WHAT THE TASK ASKS -
What is needed here is every entry, retyped exactly.
####
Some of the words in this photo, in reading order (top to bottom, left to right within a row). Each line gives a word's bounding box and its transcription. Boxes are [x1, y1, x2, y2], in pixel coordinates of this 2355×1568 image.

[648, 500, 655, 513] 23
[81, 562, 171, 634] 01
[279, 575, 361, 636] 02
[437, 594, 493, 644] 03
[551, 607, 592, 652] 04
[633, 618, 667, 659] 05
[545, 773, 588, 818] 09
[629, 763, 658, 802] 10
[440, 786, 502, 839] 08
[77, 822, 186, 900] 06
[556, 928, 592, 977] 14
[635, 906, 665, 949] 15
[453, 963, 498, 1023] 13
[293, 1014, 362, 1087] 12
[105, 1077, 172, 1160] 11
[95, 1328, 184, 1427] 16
####
TASK RESULT -
Some of the words in this photo, in reading order (top to bottom, left to right within a row). Each line gives a word's bounding box and its transcription. Boxes are [x1, y1, x2, y2], in pixel coordinates of this 2355×1568 image.

[648, 500, 655, 513] 23
[81, 562, 171, 634] 01
[279, 575, 361, 636] 02
[437, 594, 493, 644] 03
[551, 607, 592, 652] 04
[633, 618, 667, 659] 05
[545, 773, 588, 818] 09
[629, 763, 658, 802] 10
[440, 786, 502, 839] 08
[77, 822, 186, 900] 06
[556, 928, 592, 977] 14
[635, 906, 665, 949] 15
[453, 963, 498, 1023] 13
[293, 1014, 362, 1087] 12
[105, 1077, 172, 1160] 11
[95, 1328, 184, 1427] 16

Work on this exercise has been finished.